Le pilotage est on ne peut plus simple car il est conçu avec la volonté, tant sur le plan matériel que logiciel, de permettre un travail sans interruption du flux créatif, que ce soit en jeu live, en enregistrement ou en édition. Les commandes de transport sont largement dimensionnées et leur rétro éclairage les rend visibles dans toutes les situations. Les fonctions essentielles sont accessibles en maximum deux pressions de touche : on appelle les fenêtres principales (mode de jeu ou autre) avec l’une des touches latérales. Les fenêtres les plus complexes possèdent plusieurs onglets ; on bascule de l’un à l’autre avec la touche « Window » et une pression sur un bouton / pad / encodeur situé en prolongement. On navigue dans une fenêtre comme dans un tableur : touches de droite « L1…Ln » pour sélectionner la ligne et encodeurs-poussoirs / pads pour sélectionner la colonne. En maintenant l’un des boutons de droite « L » enfoncé, on modifie tous les paramètres de la ligne d’un seul coup. Suivant le contexte, les boutons « Tools » permettent de sélectionner des outils d’édition ou de basculer sur les pistes ou canaux par groupe de 16. Le graphisme sur fond noir est fin, sobre, agréable. Seule ombre (temporaire) au tableau, la fonction Undo / Redo qui se limite au séquenceur et à la dernière édition de Samples dans la version testée.
Structure générale
Sur le Rhizome, un projet fonctionne selon 4 environnements : Mixer, Sequencer, Sampler et Song. Un cinquième mode, baptisé Perf Live, permet de gérer les 2 projets toujours disponibles, afin d’en assurer la lecture simultanée (avec synchronisation) ou l’enchaînement en Live, à la manière d’un DJ. Ainsi, on peut faire défiler successivement une liste de projets sans avoir à tous les charger, ce qui évite de saturer trop vite les ressources processeur et ainsi générer clicks et coupures. Si l’ergonomie du Rhizome est très réussie, il convient toutefois de bien en comprendre l’architecture avant de se jeter dans la mêlée. Pour cela, un mode d’emploi en français d’une bonne centaine de pages est téléchargeable sur le site, dans une section pour le moment réservée aux propriétaires de la machine. La lecture est vivement recommandée.

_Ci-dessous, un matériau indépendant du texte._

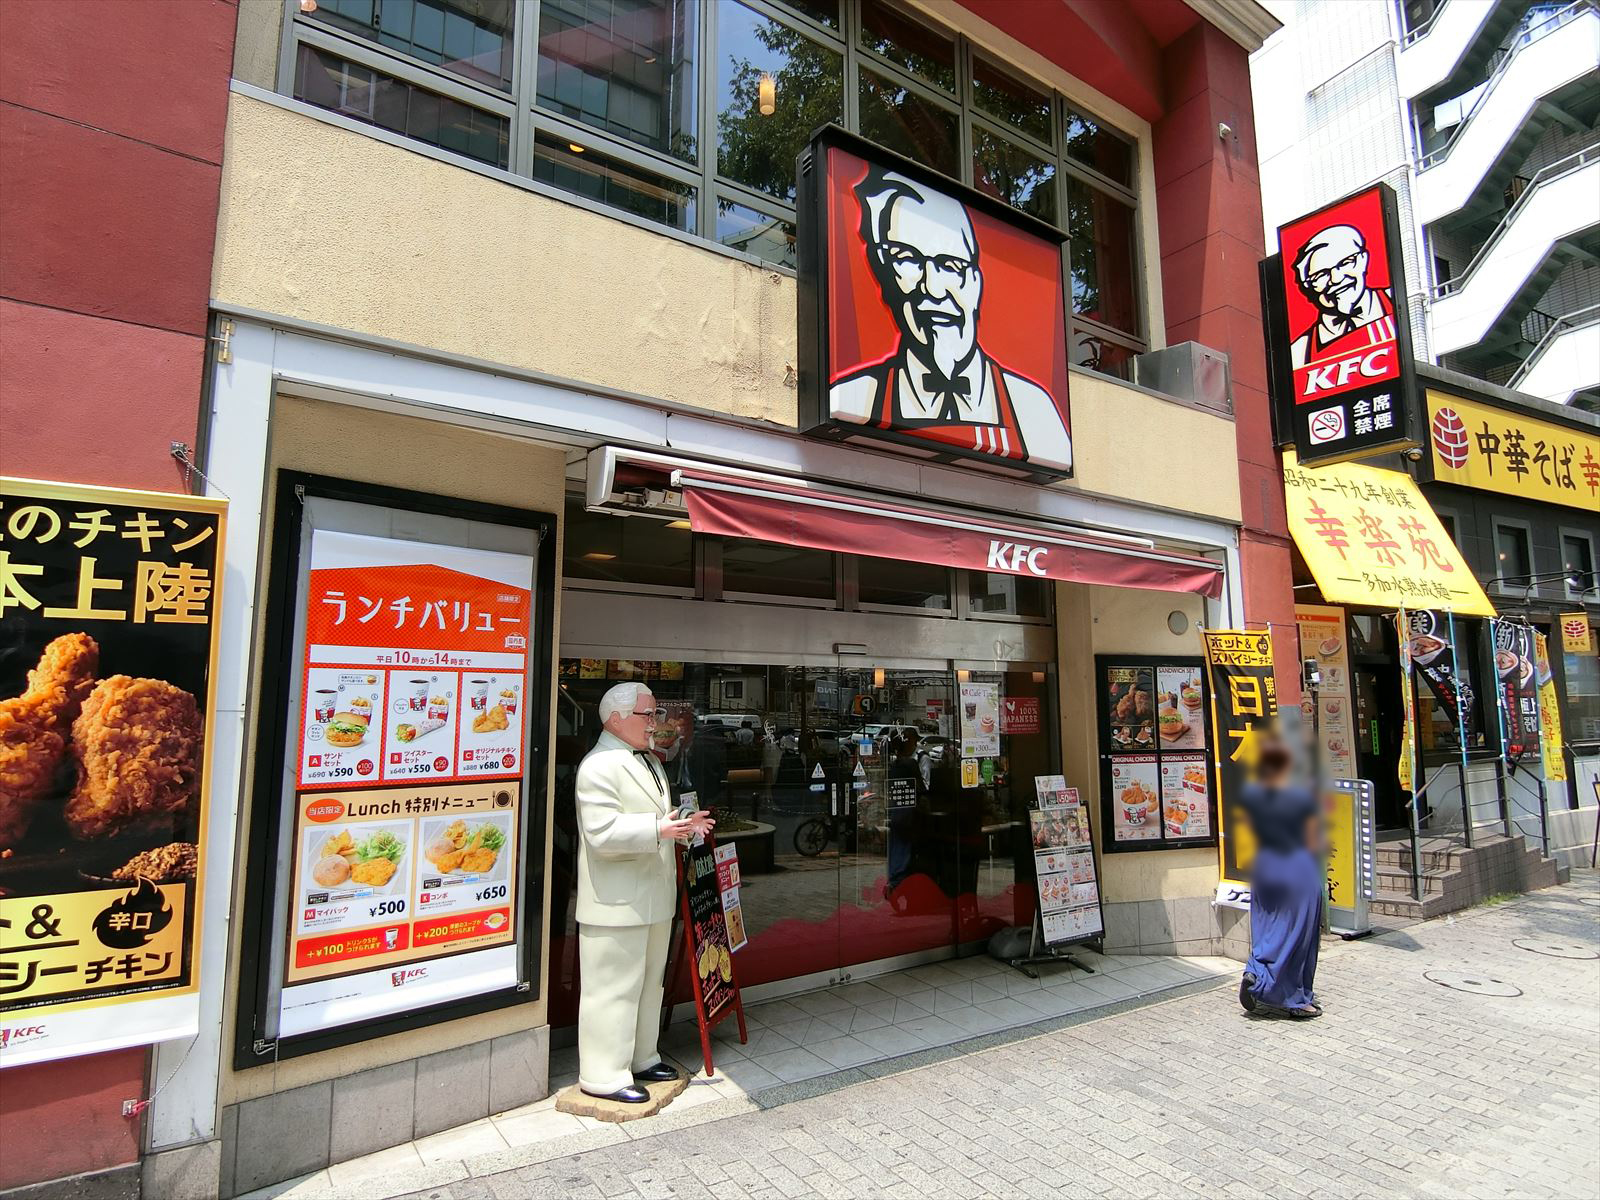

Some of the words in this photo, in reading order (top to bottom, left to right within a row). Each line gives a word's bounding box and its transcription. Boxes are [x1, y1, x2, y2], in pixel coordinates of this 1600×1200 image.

Tout en haut de la hiérarchie, disions-nous, il a les 2 projets actifs. Chaque projet contient un morceau (Song) composé de 64 patterns de 64 pistes, embarquant des séquences d’événements Midi (notes, CC…). Ces pistes font indifféremment appel à des instruments VSTi (fournis d’usine ou intégrables par l’utilisateur), des samples internes ou des instruments Midi externes. Tout ce beau monde est mélangé grâce au Mixer, qui offre 64 canaux virtuels stéréo (VSTi), avec pour chacun 6 bus de départs auxiliaires et une assignation vers l’un des 8 sous-groupes stéréo ou l’une des 12 ou 16 sorties stéréo physiques. Chaque élément (piste, auxiliaire, bus, sous-groupe) embarque 3 effets par défaut (compresseur, EQ, élargisseur stéréo) et 6 slots d’insertion pour plug-ins VSTfx (là encore fournis d’usine ou intégrables par l’utilisateur). Aucun doute là-dessus, c’est beaucoup plus puissant que n’importe quelle Groovebox hardware actuellement sur le marché. Si tout le monde suit, on continue alors…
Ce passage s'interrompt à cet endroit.